While it’s tough to ascribe strong causality, downward momentum on Nvidia shares during the conference call started as CFO Colette Kress talked about challenges accessing the Chinese market as well as rising competition from the AI players there, and then as CEO Jensen Huang responded to the first question from analysts.
BofA’s Vivek Arya asked Huang if he was confident in hyperscalers’ ability to grow capex going forward given how much their cash flows have come under pressure.
Huang said he was confident that hyperscalers’ cash flows would improve, and suggested that without more compute, these megacap tech giants would see their top lines stagnate.
“Without compute, there’s no way to generate tokens. Without tokens, there’s no way to grow revenues,” he said. “So in this new world of AI, compute equals revenues.”
But the thing about the cash flows...
They’re expected to grow for most publicly traded hyperscalers this year. And to be better in 2027 versus 2026. But the expectations for cash flow generation have been universally revised to the downside since the AI boom started.
Cumulative free cash flows for hyperscalers have been expected to be “better next year” at every point in time in the AI boom. And they never have.
It doesn’t take a rocket scientist or AGI to tell you that this probably has something to do with how much capex keeps going up, and surprising to the upside.
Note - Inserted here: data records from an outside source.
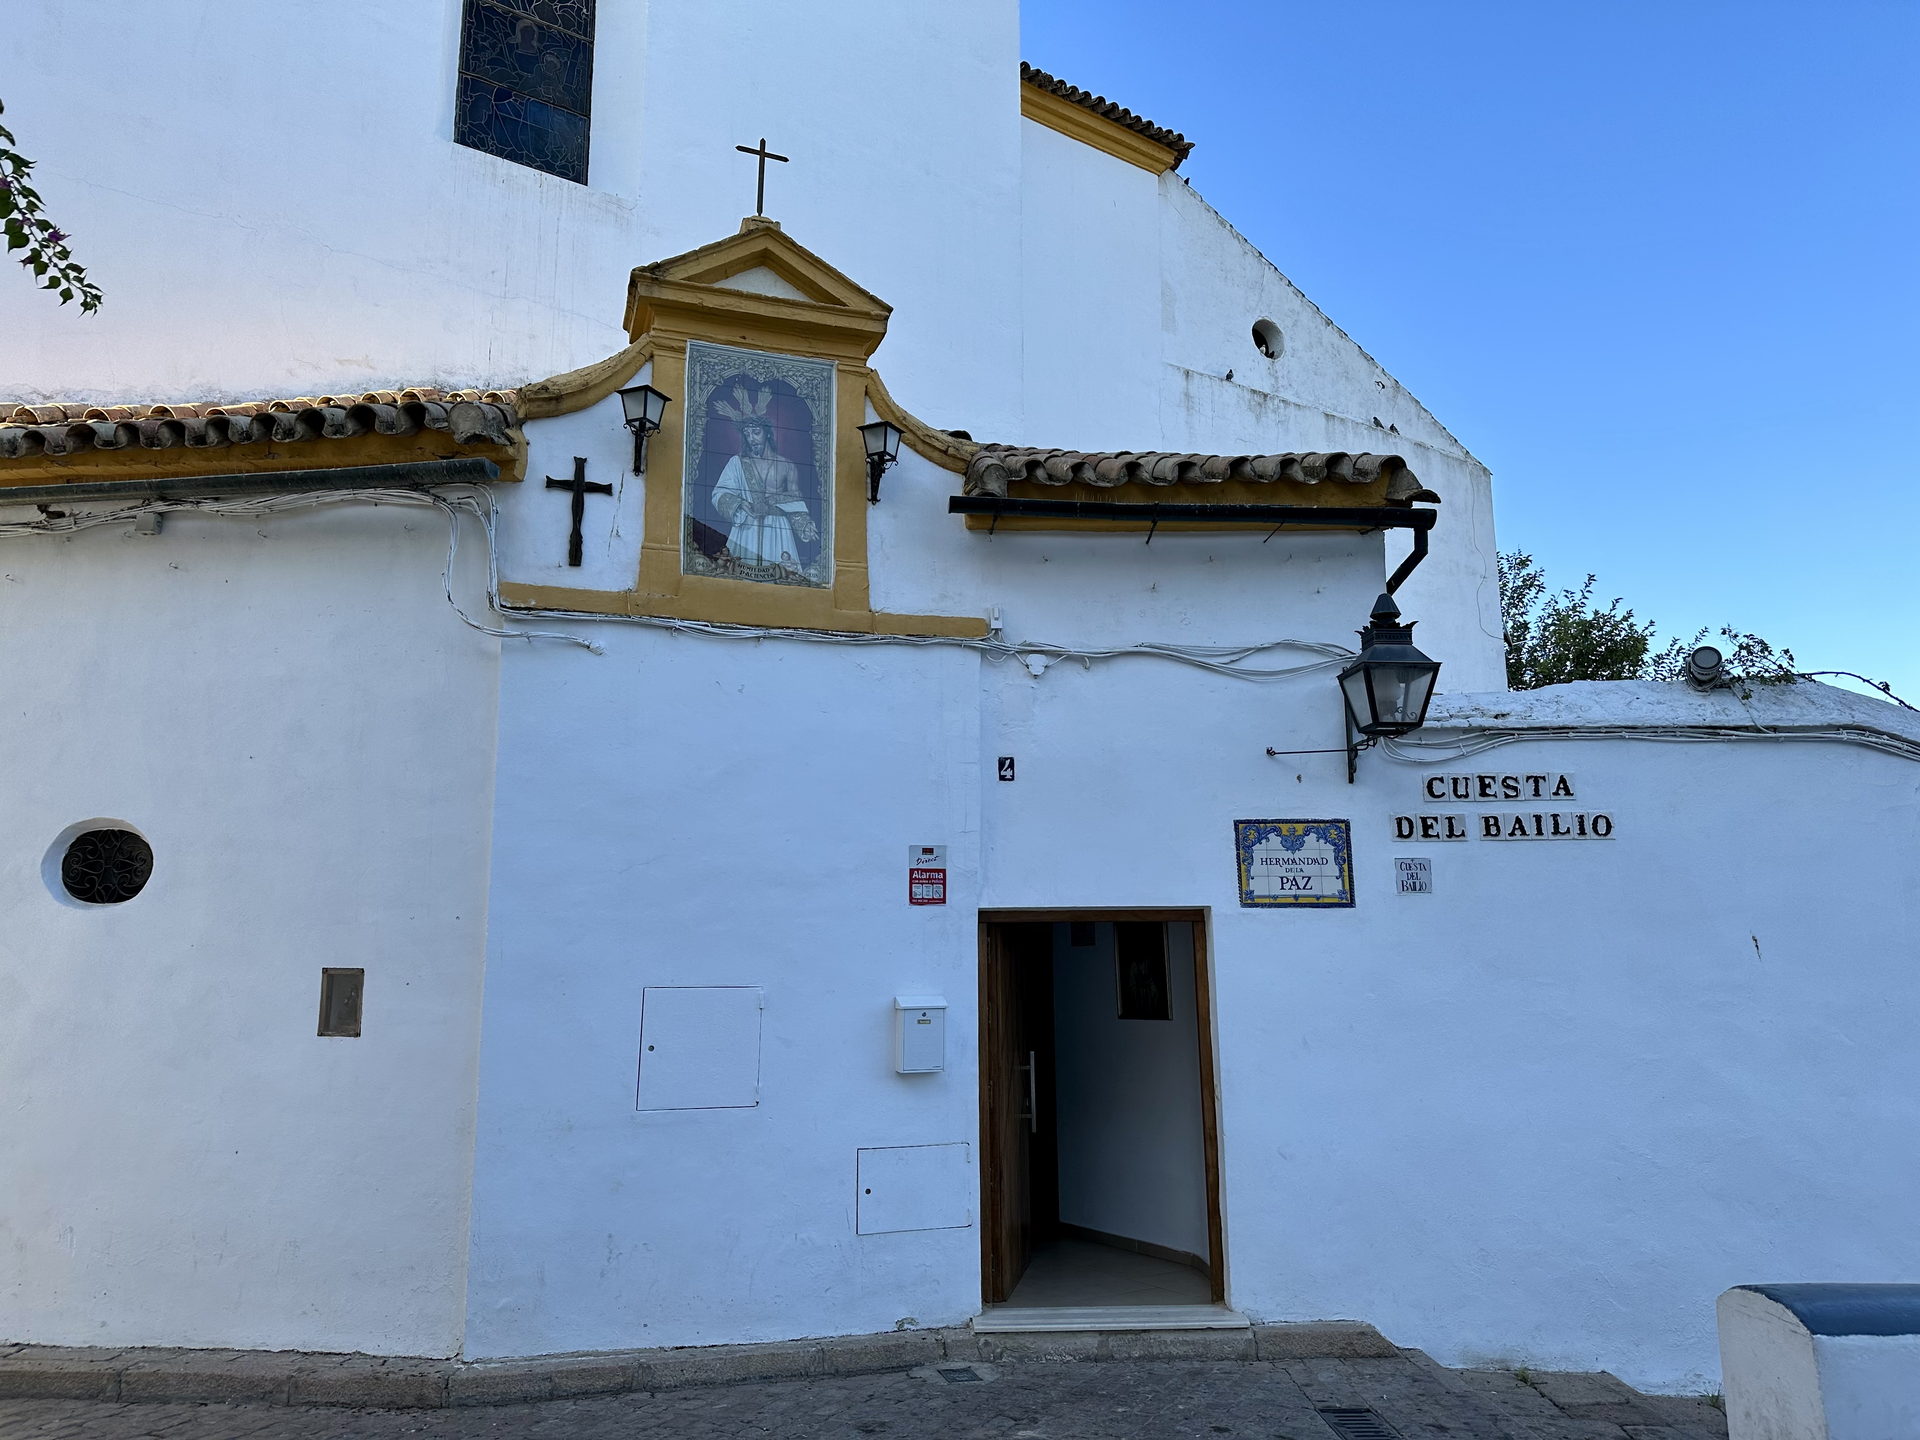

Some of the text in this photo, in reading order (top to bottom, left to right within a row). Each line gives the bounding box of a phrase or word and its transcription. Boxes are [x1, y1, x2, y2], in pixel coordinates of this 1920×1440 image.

[1000, 759, 1013, 779] 4
[1426, 774, 1574, 799] CUESTA
[1395, 813, 1613, 839] DEL BAILIO
[1260, 857, 1329, 867] HERMANDAD
[1400, 861, 1427, 871] CUESTA
[912, 870, 943, 879] Alarma
[1406, 872, 1421, 881] DEL
[1279, 876, 1313, 891] PAZ
[1401, 880, 1427, 892] BAILIO
“The stock response suggests investors were left wanting more, which we think is tied to continued uncertainty around the growth trajectory for NVDA’s Data Center business in calendar year 27, given massively expanded capex budgets for key customers (aggregate capex for the top 5 US hyperscalers is now forecast to grow ~70% Y/Y to $650B+ in CY26) alongside significantly compressed free cash flow profiles,” JPMorgan analyst Harlan Sur wrote.
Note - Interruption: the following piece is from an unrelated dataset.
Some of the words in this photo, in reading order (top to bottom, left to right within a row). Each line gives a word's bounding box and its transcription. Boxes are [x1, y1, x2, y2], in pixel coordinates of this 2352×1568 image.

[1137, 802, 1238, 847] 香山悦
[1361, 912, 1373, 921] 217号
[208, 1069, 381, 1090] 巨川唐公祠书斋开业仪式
Meanwhile, Morgan Stanley analyst Joseph Moore noted that Huang’s answer appearing to be deeply unsatisfying (my words, not his!) may simply be immaterial to the company’s 2027 sales outlook.
“Nvidia believes that these cash issues will be resolved by the cash flows of AI factories being much better than expected — but that in turn requires token monetization that is also better than expected,” he wrote. “While we would stop short of believing the most bullish five year views, we do continue to think that there is no visibility to any pause in the current levels of strong demand.”
A more realistic answer from Huang might have gone something like: “I’m not sure what their free cash flows are going to, but they’re hell-bent on spending more. Look at the agreement we just reached with Meta!”
As such, we have a mediocre reaction to an objectively stellar set of numbers from a company that is not trading at an absurd valuation.
That tells us something important:
It’s a reminder that while Big Tech execs’ imagination over what this potentially transformative technology can be is boundless, the willingness of investors to buy into and fund that vision is not.
Capital markets will be the constraint on capital investment.